O Cinema Web: os pequenos filmes do QuickTime
Filmes pequenos, destinados a visão individualizada no computador
Em 1994, Lev Manovich iniciou um projecto artístico com o propósito declarado de testar as possibilidades de produção cinemática originadas pela digitalização. Esta intenção estava bem expressa no seu título: Pequenos Filmes: Prolegómenos para o Cinema Digital – Volume I (Little Movies: Prolegomena for Digital Cinema – Volume I). O projecto consistiu na elaboração e apresentação de uma série de seis pequenos objectos audiovisuais, concebidos para a web. Cada um dos mesmos caracterizava-se por uma curtíssima duração – menos de um minuto –, e uma dimensão mínima – cerca de um megabyte em espaço de disco. A sua exibição era feita numa pequena janela de 120x100 pixéis, situada no centro do ecrã do computador, sobre um fundo negro. Para a elaboração dos filmes que compunham a série, Manovich recorreu a segmentos de filmes célebres da história do cinema. Neste exercício, o autor atribuiu um papel de relevo ao softwareQuickTime que utilizou para a elaboração e apresentação de todos os filmes.
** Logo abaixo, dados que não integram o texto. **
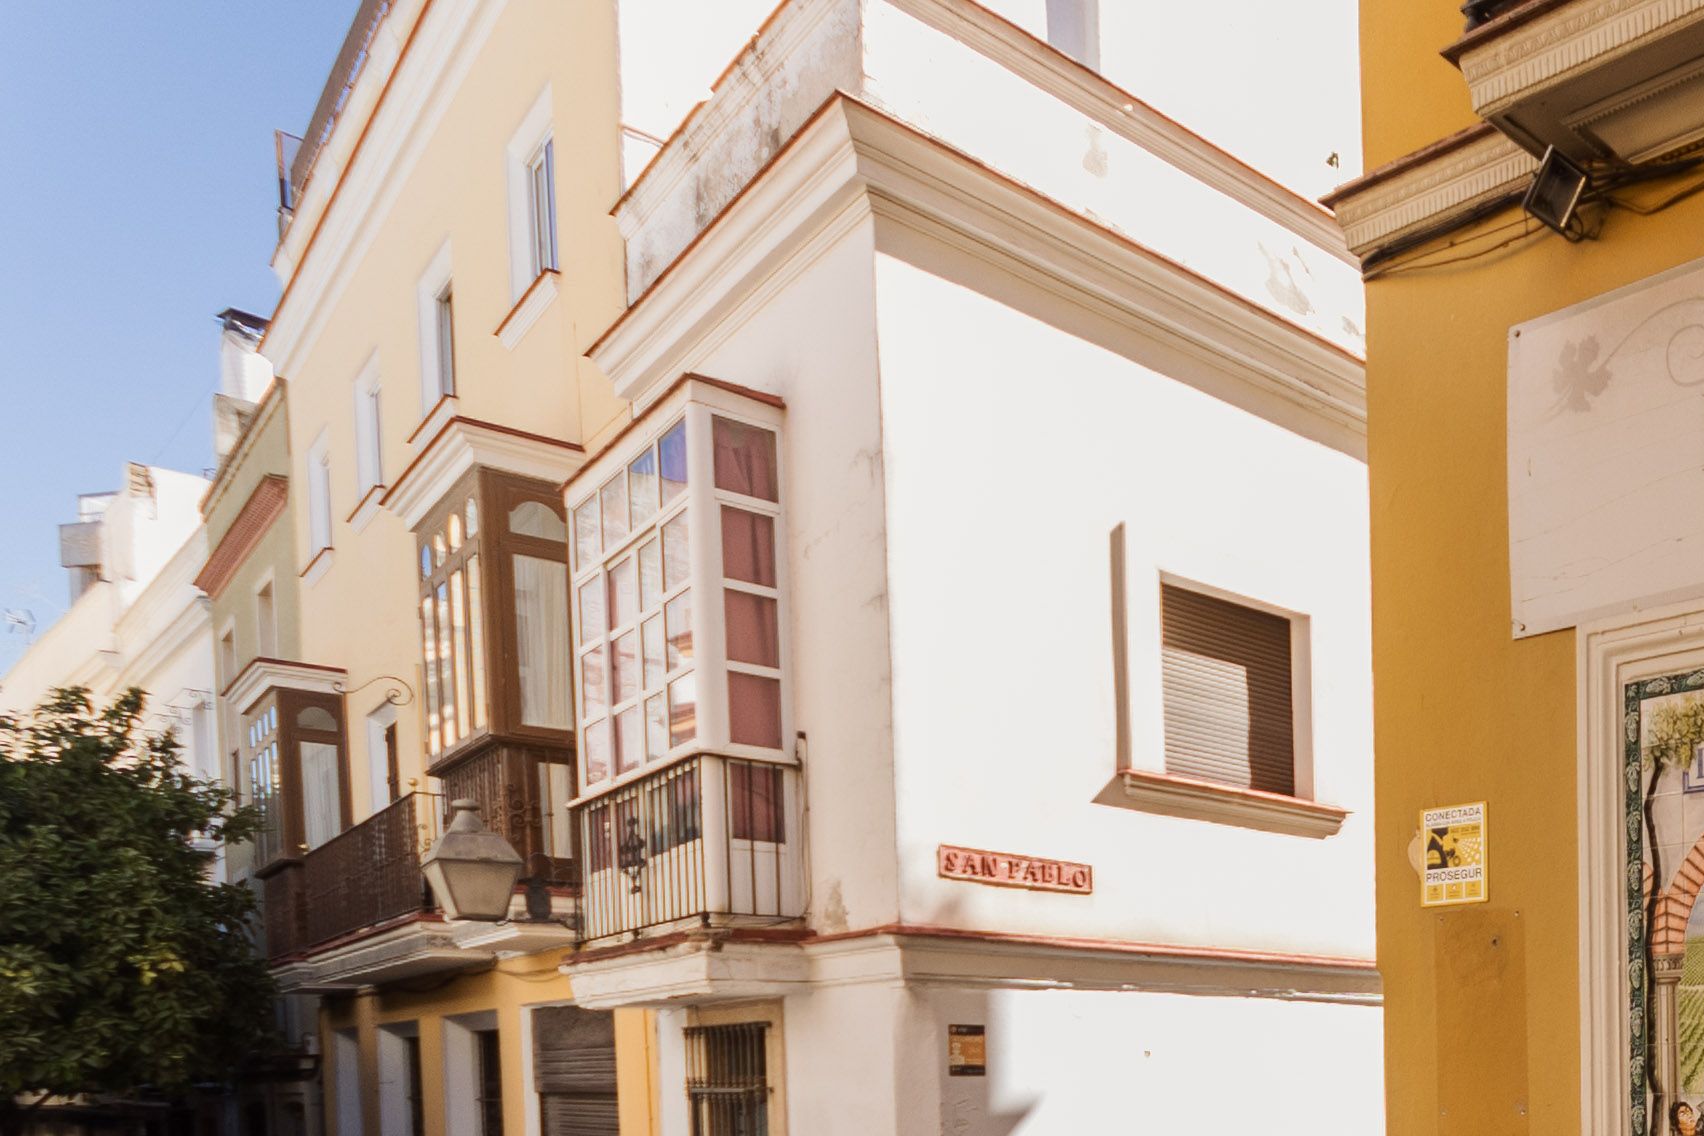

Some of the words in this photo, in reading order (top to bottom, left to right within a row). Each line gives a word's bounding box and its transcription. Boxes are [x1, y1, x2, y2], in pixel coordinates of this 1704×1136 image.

No quadro de Little Movies, os elementos de pequena escala desempenhavam um papel essencial, estando presentes em múltiplos elementos. Estes, indiciados pelo próprio título da série, manifestavam-se na dimensão do ecrã, na resolução das imagens, no tamanho dos ficheiros, na duração das peças, na economia narrativa e de meios para a sua elaboração e, inclusivamente, nos próprios temas tratados. Os filmes pequenos e destinados a uma visão individualizada no computador traçavam ainda um paralelismo com uma outra forma cinema que não chegou a concretizar-se, a proposta elaborada por Thomas Edison de um cinema mínimo para visionamento individual: o quinetoscópio.
Na declaração de intenções do seu projecto, Manovich afirmou querer transformar essas limitações numa nova estética.
Num texto escrito em 1999, Nostalgia for a digital object: regrets on the quickening of QuickTime, a estudiosa de cinema Vivian Sobchack, manifestava crer, tal como Manovich, no contributo do QuickTime para a constituição de uma escrita cinemática alternativa à sua forma dominante. Por essa razão, a autora declarava a rejeição da designação filmes, usada para aludir aos seus objetos, já́ que lhes observava características distintas. O argumento fundamental da autora consistia em defender as formas de cinema alternativas, caracterizadas pela miniaturização, surgidas com a digitalização. Aquilo que outros, como referia a autora, observavam como um «primitivismo cinematográfico», ou seja, as características aparentemente limitadas, minimalistas, do QuickTime, eram, na sua perspectiva, a novidade que distinguia o cinema daquele período. Por isso, afirmava: não quero que os ‘filmes’ do QuickTime se tornem mais rápidos. Também não quero que se tornem maiores. Mais ainda, dado o valor e prazer que encontro na sua temporalidade fragmentada e no seu espaço intensamente condensado, não quero que atinjam o momento do ‘tempo real’ e da ‘imagem real’ – medidos, apesar de não terem de estar sujeitos a essa obrigação, de acordo com o padrão e por analogia com o cinema.
No entanto, como o título do artigo sugeria, esta defesa era já́ feita em forma de elegia. A autora concedia que era «só́ uma questão de tempo (...) e de compressão e de memória e de largura de banda» até que o novo medium assumisse a forma do cinema convencional. Esta mesma intuição fora, aliás, expressa por Manovich no segundo filme da referida série, nº 2On the Ephemeral Nature of Little Movies, em cujos intertítulos afirmara a obsolescência próxima dos seus pequenos filmes. Estes tornar-se-iam, em breve, dizia, «artefactos dos primeiros dias dos media digitais».